Los monstruos gigantes, qué gran género. Servidor de ustedes es muy admirador de grandes criaturas como Godzilla, King Kong o Gamera, a veces héroes y a veces amenazas (especialmente el primero), dependiendo de si les toca darse de tortas con otro monstruo o simplemente aplastar y destruir a una humanidad que cada vez que mete la zarpa en algo la lía parda. Ya estén encarnados en maquetas animadas fotograma a fotograma, por señores sudando como pollos en el interior de un disfraz de goma o por gráficos generados infográficamente, los monstruos gigantes han hecho volar la imaginación de varias generaciones de espectadores. Y en los videojuegos también ha habido ración de ellos.
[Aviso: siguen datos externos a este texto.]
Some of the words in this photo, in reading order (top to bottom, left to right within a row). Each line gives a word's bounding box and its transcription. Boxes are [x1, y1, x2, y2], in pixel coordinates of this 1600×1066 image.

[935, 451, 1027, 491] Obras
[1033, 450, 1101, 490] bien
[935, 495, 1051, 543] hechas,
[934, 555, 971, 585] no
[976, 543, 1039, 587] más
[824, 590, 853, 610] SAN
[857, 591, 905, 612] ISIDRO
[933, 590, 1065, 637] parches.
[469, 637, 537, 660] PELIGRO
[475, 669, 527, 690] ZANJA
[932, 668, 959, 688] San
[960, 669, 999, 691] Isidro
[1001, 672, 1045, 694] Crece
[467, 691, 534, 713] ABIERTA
Lo que ocurre es que se tardó algunos años hasta empezar a dar con la tecla para trasladar la esencia de los monstruos a las pantallas de ordenadores y consolas. El primer intento serio fue Crush, Crumble & Chomp, un juego muy curioso de 1981 para ordenadores como el TRS-80, el Apple II o, ya un par de años después, para Commodore 64. La gracia de este juego era que nos poníamos en el papel de uno de los monstruos que llegaba para destruir una ciudad mientras que el ejército aparecía para para intentar abatirlo. Y lo cierto es que la idea estaba muy bien, cada monstruo contaba con habilidades propias y tenía que preocuparse de ir devorando personitas cada cierto tiempo para que el hambre excesiva no le hiciera perder el control.
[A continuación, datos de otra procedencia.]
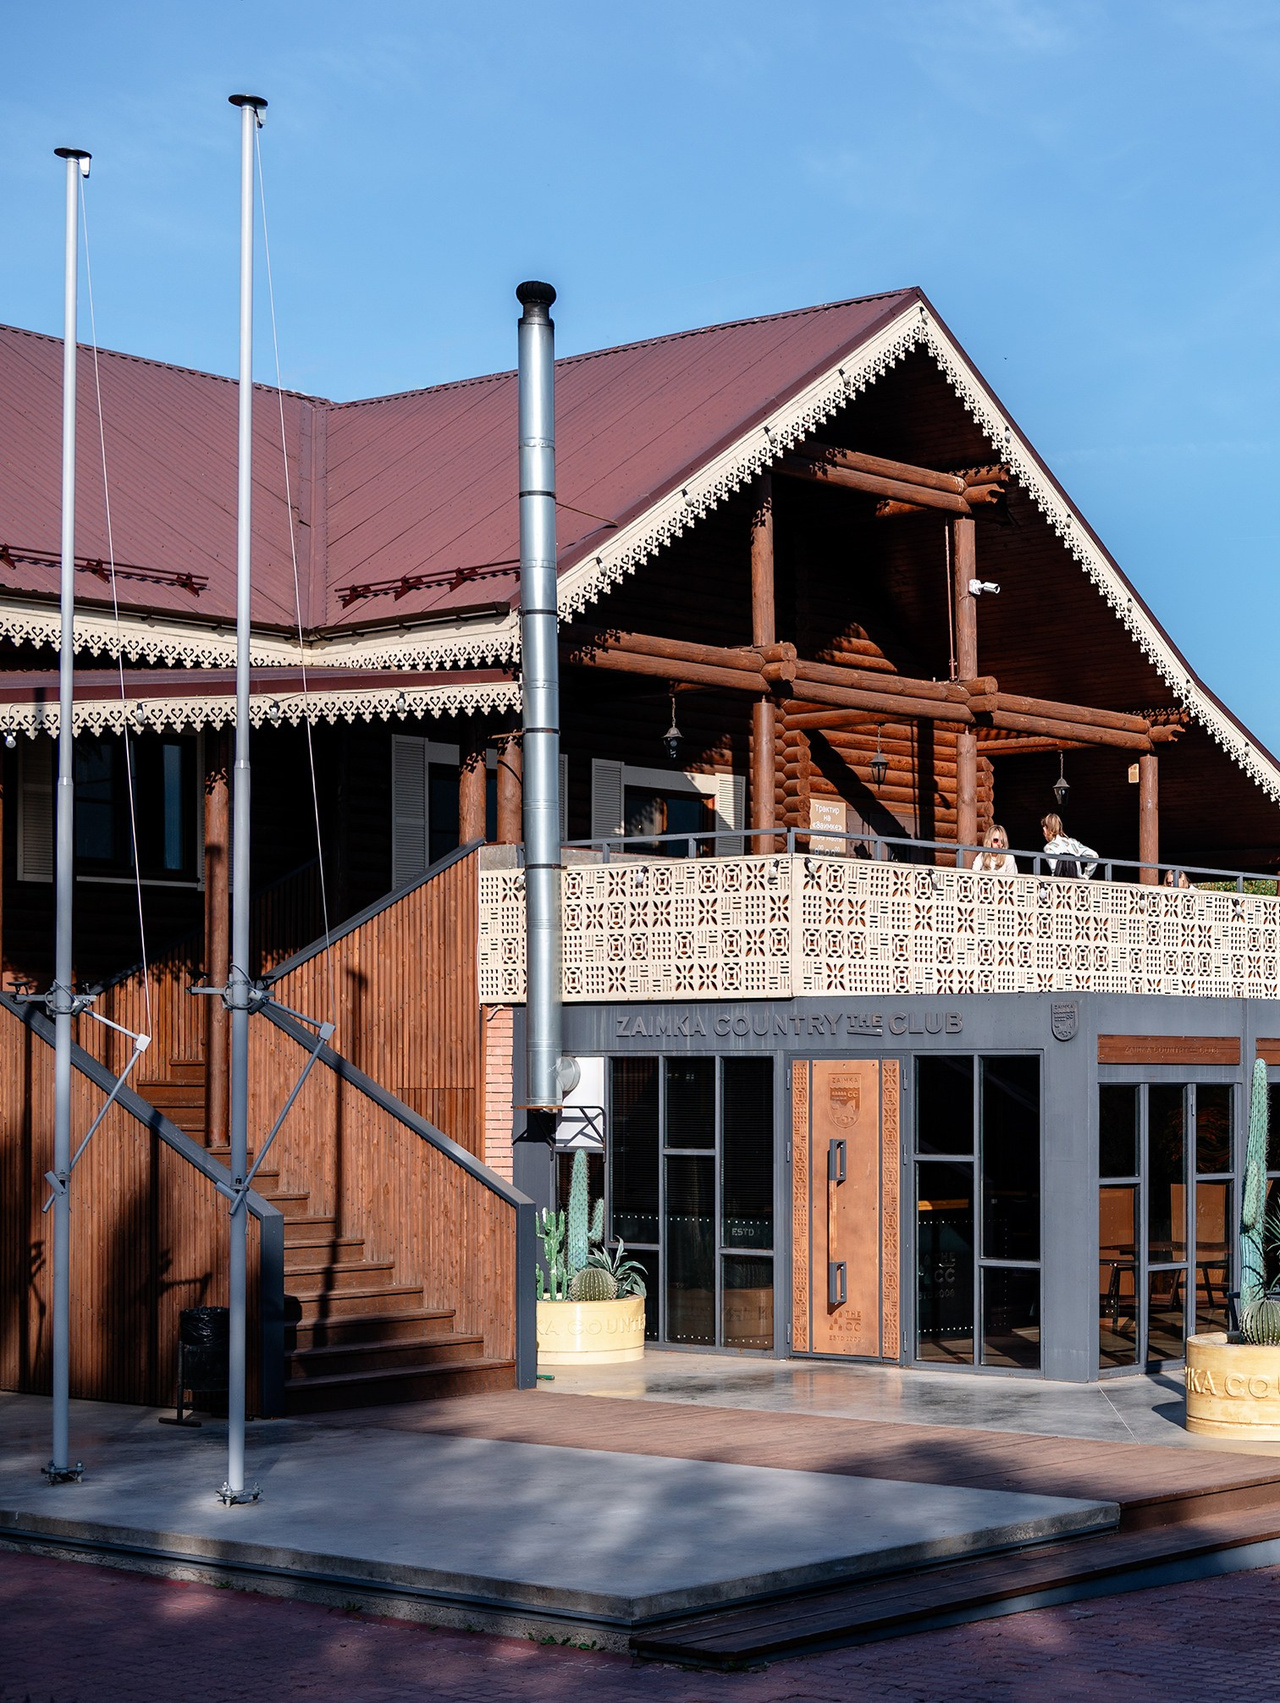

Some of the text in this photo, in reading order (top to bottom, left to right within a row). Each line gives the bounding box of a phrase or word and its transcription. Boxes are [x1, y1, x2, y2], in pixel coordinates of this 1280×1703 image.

[815, 804, 840, 815] Трактир
[823, 814, 832, 822] на
[616, 1011, 964, 1037] ZAIMKA COUNTRY THE CLUB
[731, 1227, 755, 1237] ESTD
[846, 1310, 861, 1318] THE
[846, 1321, 861, 1332] CC
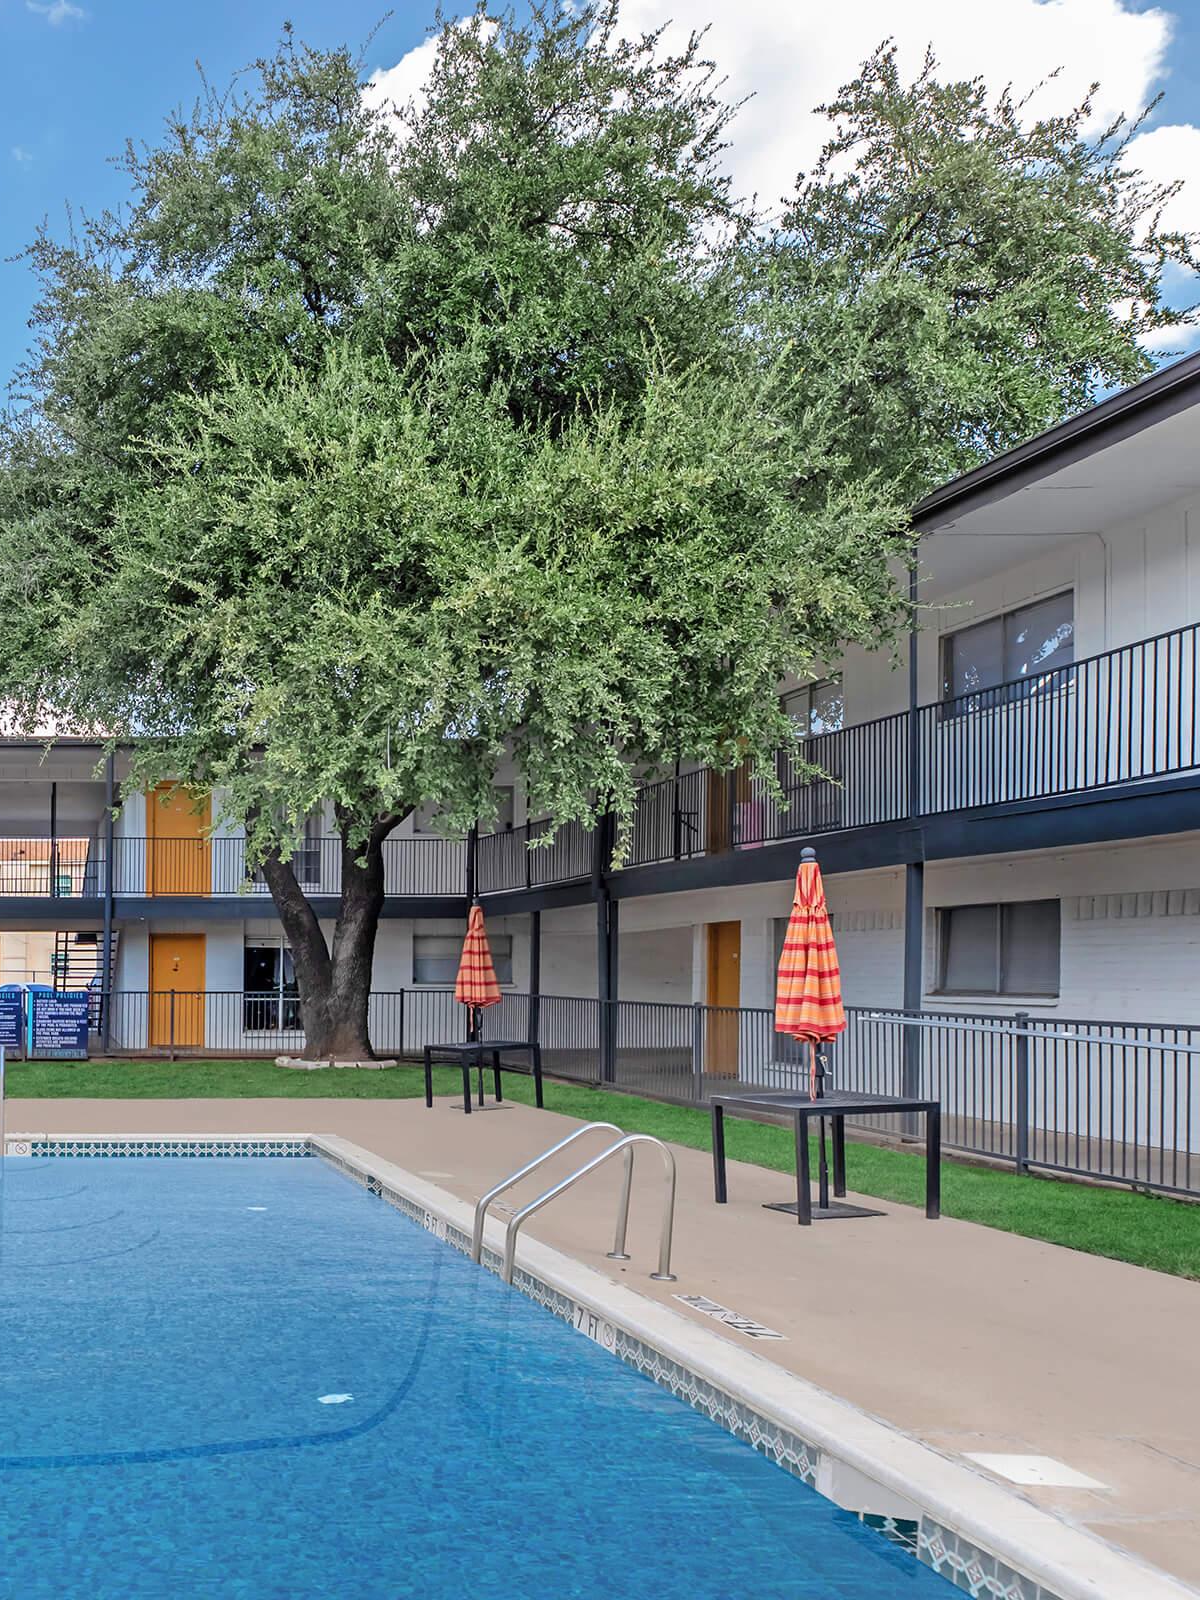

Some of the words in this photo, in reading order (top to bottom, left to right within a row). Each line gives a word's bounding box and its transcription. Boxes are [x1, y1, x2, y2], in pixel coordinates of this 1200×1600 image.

[426, 1213, 430, 1229] 5
[576, 1307, 584, 1329] 7
[588, 1314, 600, 1341] FT
Pese a que este es un juego muy desconocido para el gran público y perdido entre las mareas del tiempo, sí que sienta algunas bases de cara a juegos que vendrían después y que compartirían la misma temática de soltar a estos gigantescos seres en un frenesí de demolición en el que alguna de las grandes ciudades del globo podía acabar reducida a gravilla aplastada tras su paso. Aunque para dar el salto hacia las recreativas era mejor soltarse la melena y quedarse principalmente con la parte de destruir. Y es justo lo que hizo Bally Midway cuando en 1986 vió la luz Rampage entre gruñidos y derrumbamientos.
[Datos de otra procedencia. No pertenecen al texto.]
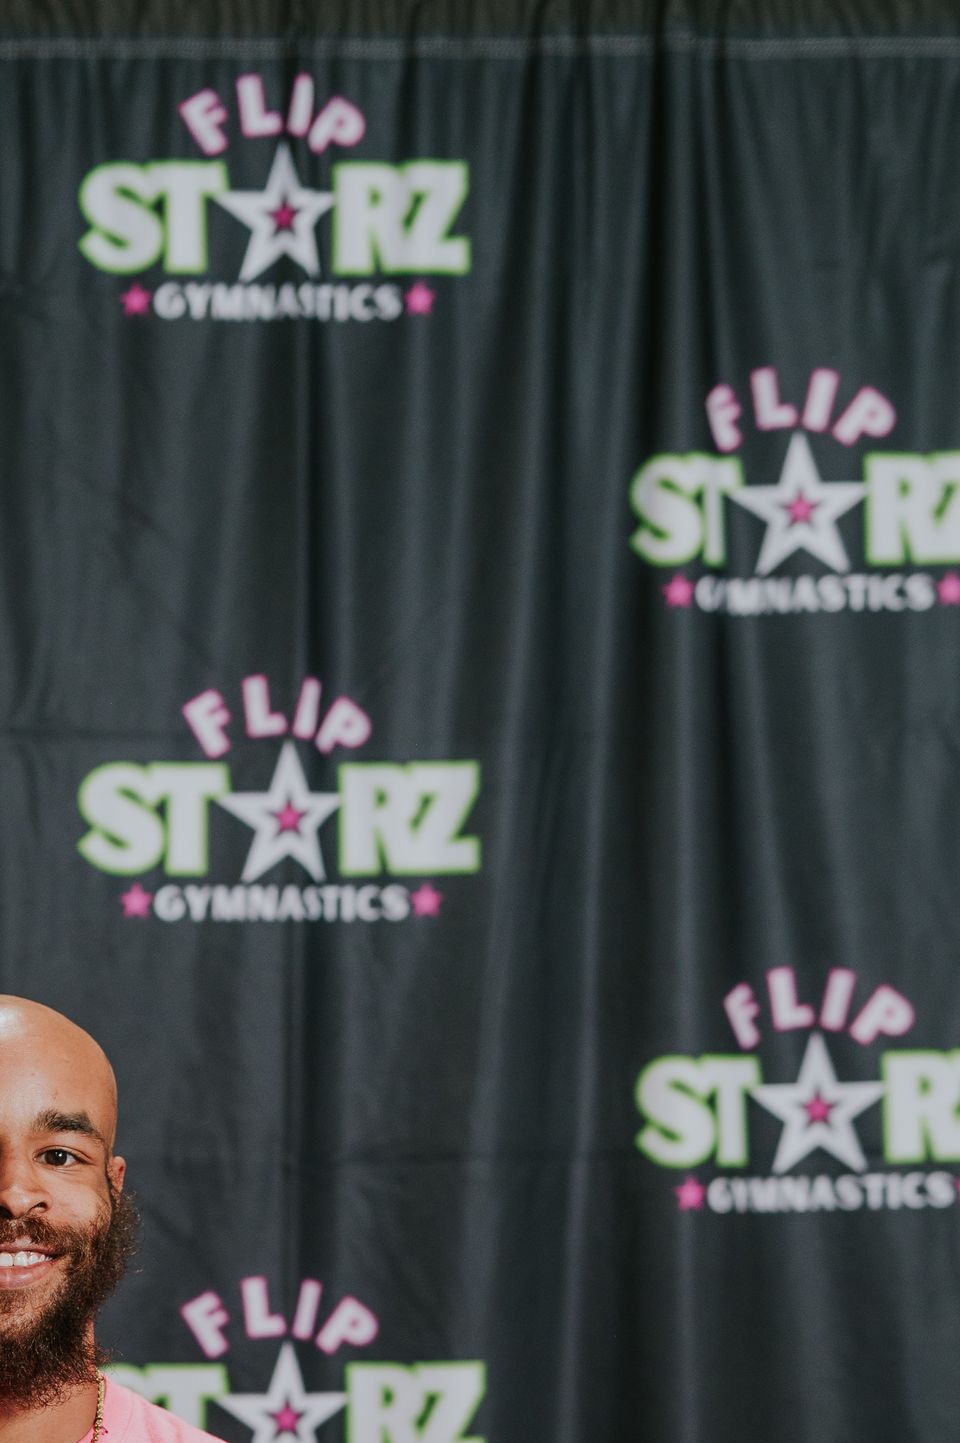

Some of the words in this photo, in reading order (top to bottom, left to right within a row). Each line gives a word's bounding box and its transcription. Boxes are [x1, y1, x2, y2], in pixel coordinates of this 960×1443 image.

[178, 73, 367, 157] FLIP
[152, 280, 403, 322] GYMNASTICS
[706, 367, 897, 452] FLIP
[181, 673, 373, 759] FLIP
[152, 883, 411, 923] GYMNASTICS
[723, 965, 916, 1050] FLIP
[180, 1275, 379, 1358] FLIP
Una de las marcas de Bally Midway en sus máquinas era un peculiar aspecto visual que solía llamar la atención. Generalmente, Bally Midway tendía bastante a cuidar este apartado, sobre todo en lo que a colorido se refiere, pero era habitual que frente a los pixelazos habituales, en sus máquinas se viesen sprites algo más definidos de lo normal. Esto, en Rampage, un juego en el que controlábamos a entre uno y tres monstruos gigantescos en su afán de arrasar ciudades a lo largo y ancho de Estados Unidos hasta ser abatidos por el ejército, permitió que realmente se pudiera esteblecar una comparación entre los sprites de los monstruos y los humanos sin que unos se resientan especialmente por la diferencia de tamaño con los otros. De esta forma, podemos reconocer a varios tipos de personajes que asoman, en algunos casos en sentido literal, en mitad de la destrucción desencadenada por George, Lizzie y Ralph, un gorila, lagarto y lobo sobredimensionados respectivamente.

El origen de cada uno de estos tres personajes era muy similiar y estaba relacionado entre sí a través de la empresa química Scumlab. Los tres habían sido hasta no hace mucho seres humanos corrientes y molientes, pero tras diversos percances (tomar un medicamento experimental, bañarse en un lago radiactivo y probar un nuevo condimento, todo relacionado con Scumlab), la mutación se produce y la bestia aflora. En las versiones domésticas, al menos en lo que respecta a la Amstrad CPC, se hacía referencia en las instrucciones a que los tres protagonistas habían sufrido su transformación por comer hamburguesas en mal estado en una época de pleno auge de las cadenas de comida rápida. Que cada cual elija el origen que prefiera, pero desde luego lo de las hamburguesas es un puntazo.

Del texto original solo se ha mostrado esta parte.